Rhinovirus infections cause the majority of acute exacerbations of airway diseases such as asthma and chronic obstructive pulmonary disease, with increased pro-inflammatory cytokine production by infected bronchial epithelial cells contributing to disease pathogenesis. Theses diseases are a huge cause of morbidity worldwide, and contribute a major economic burden to healthcare costs. Current steroid based treatments are only partially efficient at controlling virus induced inflammation, which remains an unmet therapeutic goal.
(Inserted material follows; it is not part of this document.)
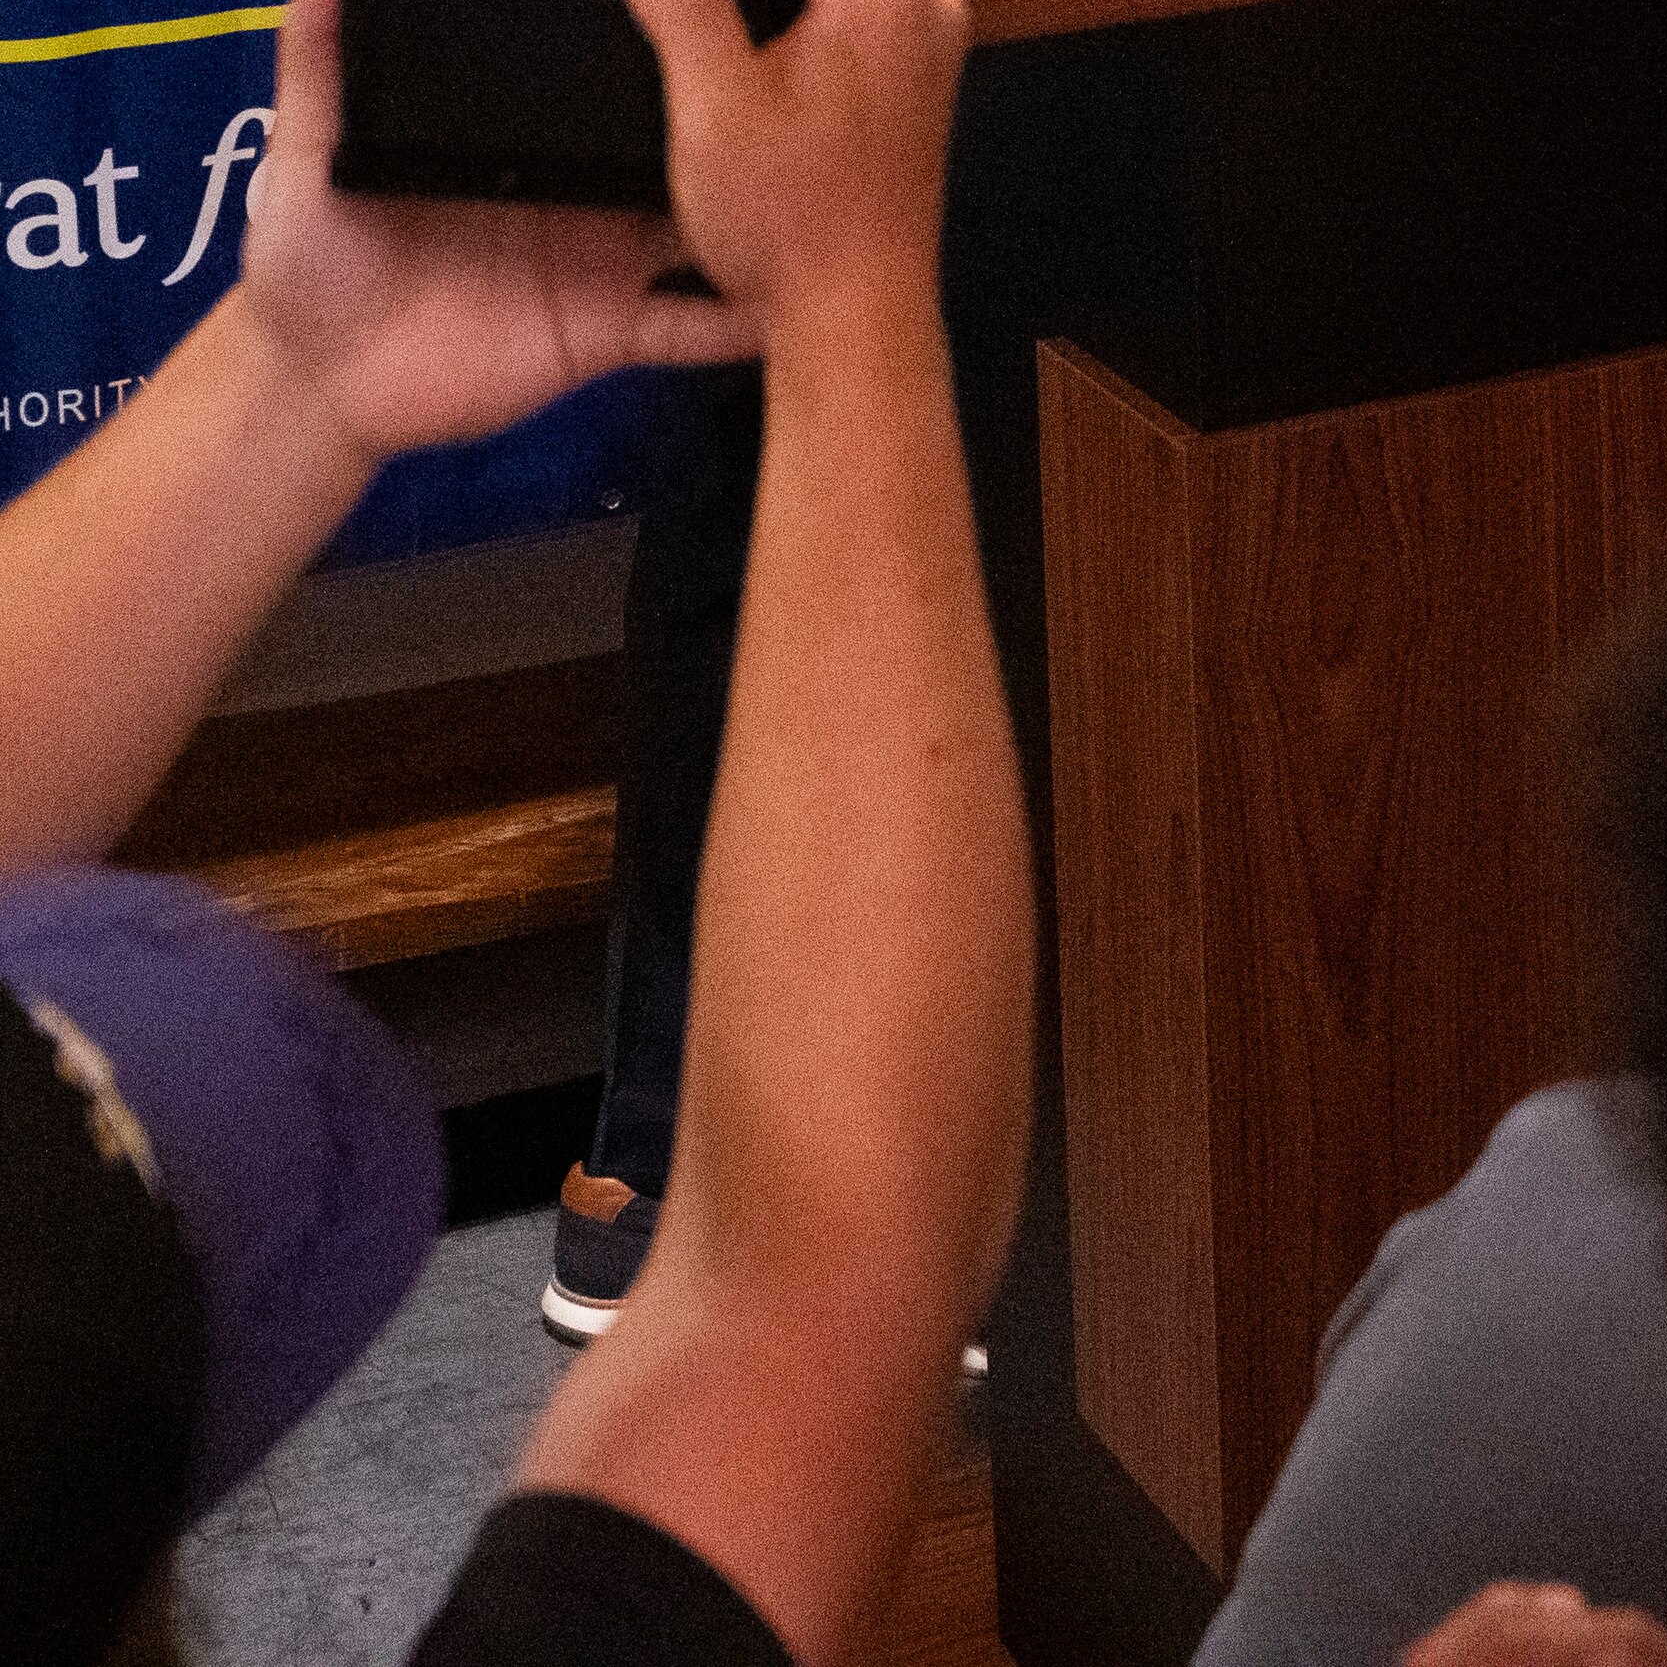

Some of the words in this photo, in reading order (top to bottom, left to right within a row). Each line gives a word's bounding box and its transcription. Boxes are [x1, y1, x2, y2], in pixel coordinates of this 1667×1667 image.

[0, 147, 147, 271] at
[161, 106, 278, 287] f
[0, 375, 152, 432] ORIT
Although NF-κB has been implicated, the precise mechanisms of rhinovirus induction of pro-inflammatory gene expression in bronchial epithelial cells are unclear. We hypothesised that rhinovirus replication and generation of dsRNA was an important process of pro-inflammatory cytokine induction. Using pharmalogical (2-aminopurine and a new small molecule inhibitor) and genetic inhibition of the dsRNA binding kinase protein kinase R, striking inhibition of dsRNA (polyrIC) and rhinovirus induced CCL5, CXCL8 and IL-6 protein was observed. Using confocal microscopy, rhinovirus induced protein kinase R phosphorylation co-located with NF-κB p65 nuclear translocation. Focusing on CXCL8, both rhinovirus infection and dsRNA treatment required IκB kinase-β for induction of CXCL8. Analysis of cis-acting sites in the CXCL8 promoter revealed that both rhinovirus infection and dsRNA treatment upregulated CXCL8 promoter activation via NF-κB and NF-IL6 binding sites. Together, the results demonstrate the importance of dsRNA in induction of pro-inflammatory cytokines by rhinoviruses, and suggest that protein kinase R is involved in NF-κB mediated gene transcription of pro-inflammatory cytokines via IκB kinase-β. These molecules regulating rhinovirus induction of inflammation represent therapeutic targets.